A handful of African countries have seen H5N1 resurgence in poultry after a several-year hiatus. Global health officials have called for increased resources and efforts to battle the outbreaks, one of several recent worldwide avian influenza patterns that pose threats to food supplies and human health.
Aug 25 OIE report on Ivory Coast outbreak
Aug 26 OIE report on Nigerian outbreak


H7N9 studies shed light on Chinese poultry patterns, gender differences

Two recent studies revealed more about H7N9 avian influenza patterns in China, one showing a link between virus contamination in poultry markets and human illnesses and one suggesting that women of childbearing age may be more vulnerable to the virus.

The poultry sampling study took place in Zhejiang province, one of the hardest hit during China's H7N9 outbreaks. The team from China published their findings yesterday in Public Library of Science (PLoS) One.

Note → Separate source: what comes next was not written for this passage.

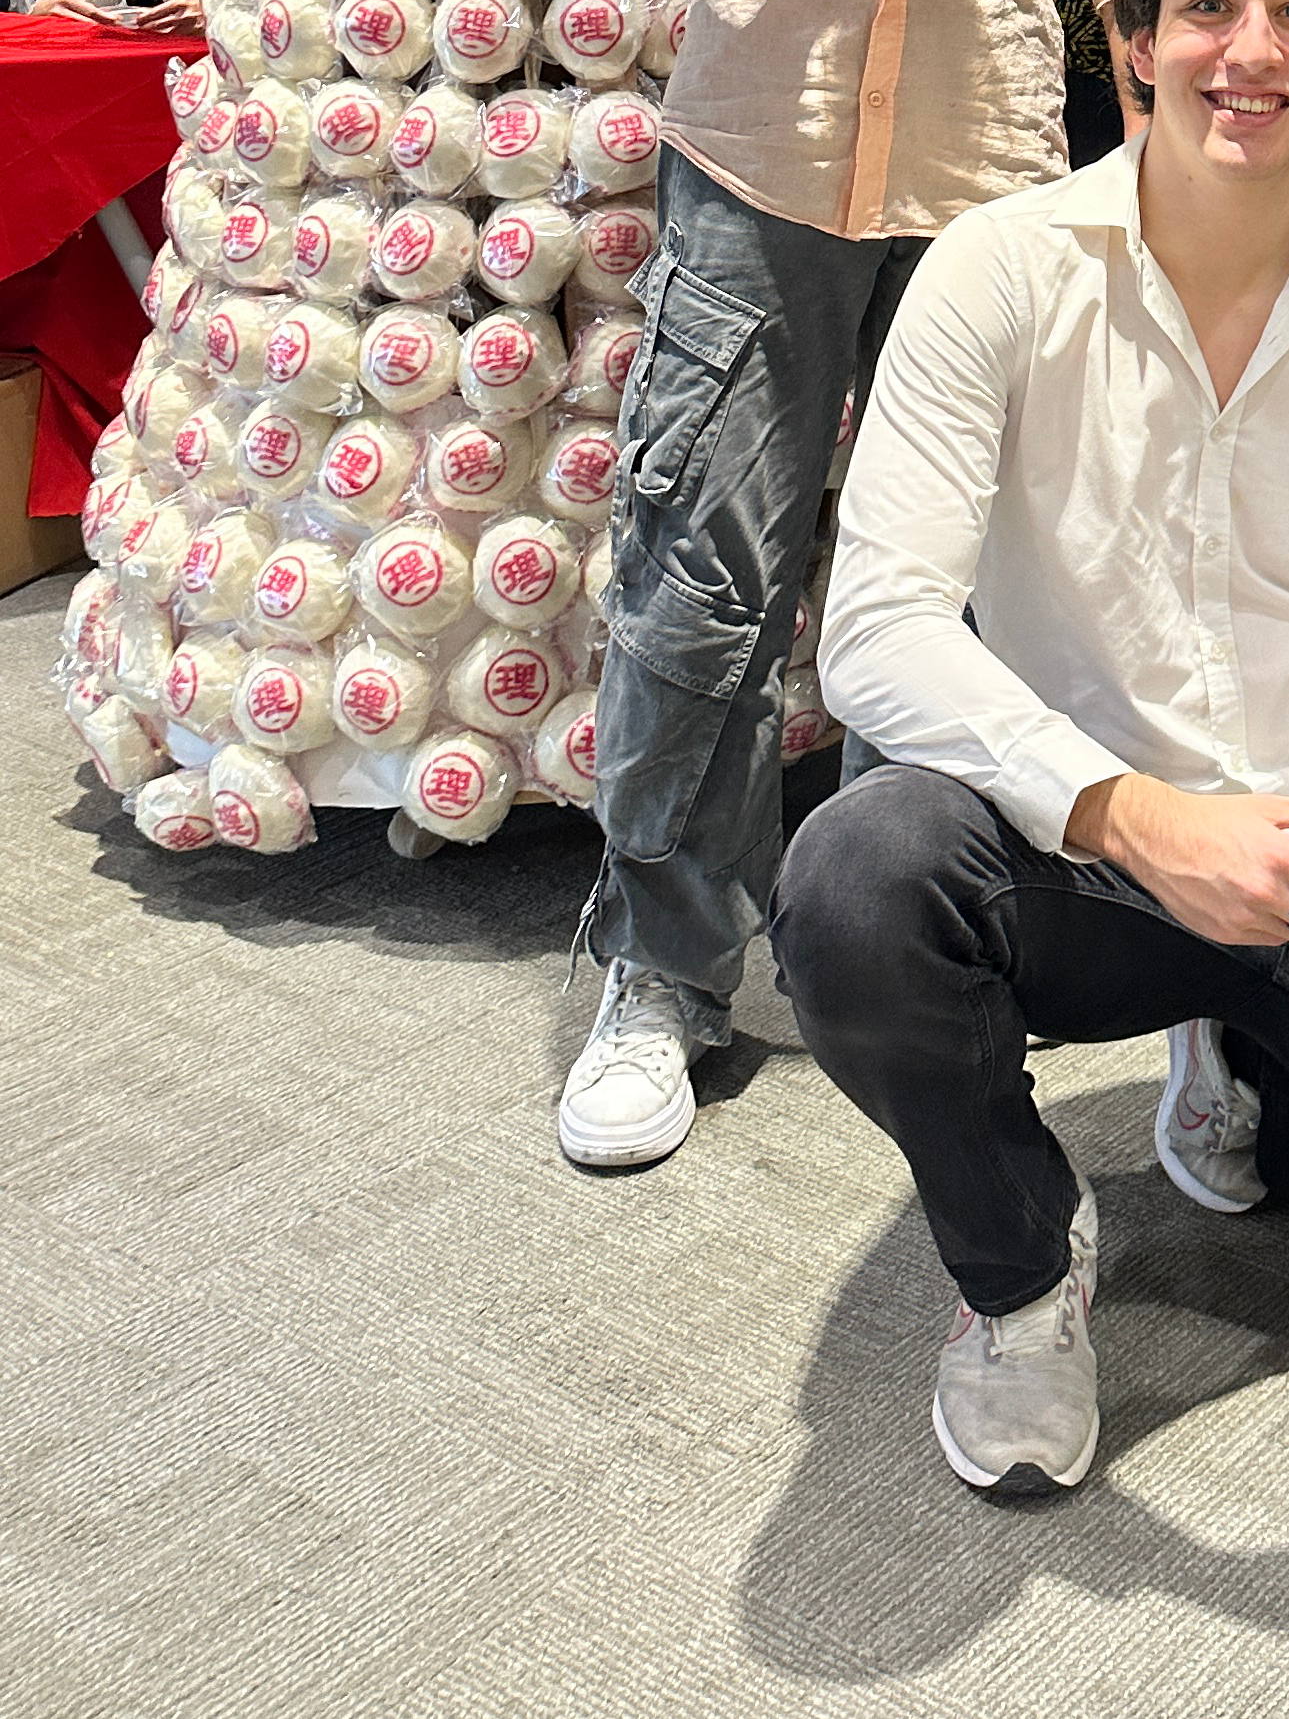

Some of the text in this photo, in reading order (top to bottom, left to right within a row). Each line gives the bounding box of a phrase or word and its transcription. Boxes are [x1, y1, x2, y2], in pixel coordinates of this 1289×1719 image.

Between January 2013 and March 2014 researchers obtained and tested 6,740 samples from 751 poultry environment sites from 11 of the province's cities. They explored the relationship between positive samples and human illnesses, as well as seasonal and geographic patterns. The testing period covers the first two waves of H7N9 activity in China.

About 10% of the environmental samples were positive for H7N9, with peaks seen in the spring and winter. Prevalence decreased from north to southeast, similar to the distribution of human cases. Of the different poultry environments, live markets had the highest prevalence, with chopping board swabs showing the highest virus prevalence among the different sample types analyzed.

The prevalence of virus in the environment correlated with incidence of human cases (r2 = 0.498; P < 0.01); cities with higher H7N9 incidences had more H7N9 among samples and sampling sites.

Poultry market closures in late January 2014 led to decreased H7N9 environmental positives, declining from about 19% to nearly 7%, in line with a drop in human infections.
Aug 26 PLoS One abstract

In another recent study, a German and Chinese research team that analyzed human H7N9 cases found that women in their childbearing years seemed more likely to die from their illnesses; the authors' tests on mice with different flu strains also found that females were more severely affected, especially those infected with H7N9. They reported their findings in an Aug 25 early online edition of Vaccine.

The researchers' analysis of human cases included 535 lab-confirmed cases, of which 197 were fatal, compiled by the Chinese Center for Disease Control and Prevention as of Jan 25, 2015. Though more men were infected in the outbreak, females in their reproductive years were more likely to die from their illness (female-to-male ratio = 1.2), a pattern found in earlier studies.

The group's mouse studies found increased cytokine and chemokine response in female mice, which corresponded to disease severity. The researchers also found reduced thrombocyte and neutrophil responses in female mice.

In conclusion, they said more animal studies are needed to determine the factors that lead to more severe flu infections in females and that the study findings could help guide vaccine priorities when supplies are scarce.
Aug 25 Vaccine abstract


Oceania, Cuba, China still seeing flu activity, quiet elsewhere

Influenza activity through Aug 9 reported Aug 24 by the World Health Organization (WHO) shows cases in Australia and New Zealand still increasing in number, cases in temperate South America peaking, and cases in South Africa decreasing.

The strains predominating in Oceania are H3N2 and influenza B.

Cuba reported high levels of influenza-like illness and severe respiratory infections associated with the 2009 H1N1 strain and respiratory syncytial virus detections. Southern China still has a high but decreasing level of predominately H3N2 flu.

Northern Hemisphere countries are seeing low levels of activity, with some countries ceasing or reducing surveillance until the start of the next flu season. Other areas with decreasing or low activity include those in both Eastern and Western Africa, tropical Asia, and most of tropical Central America and the Caribbean.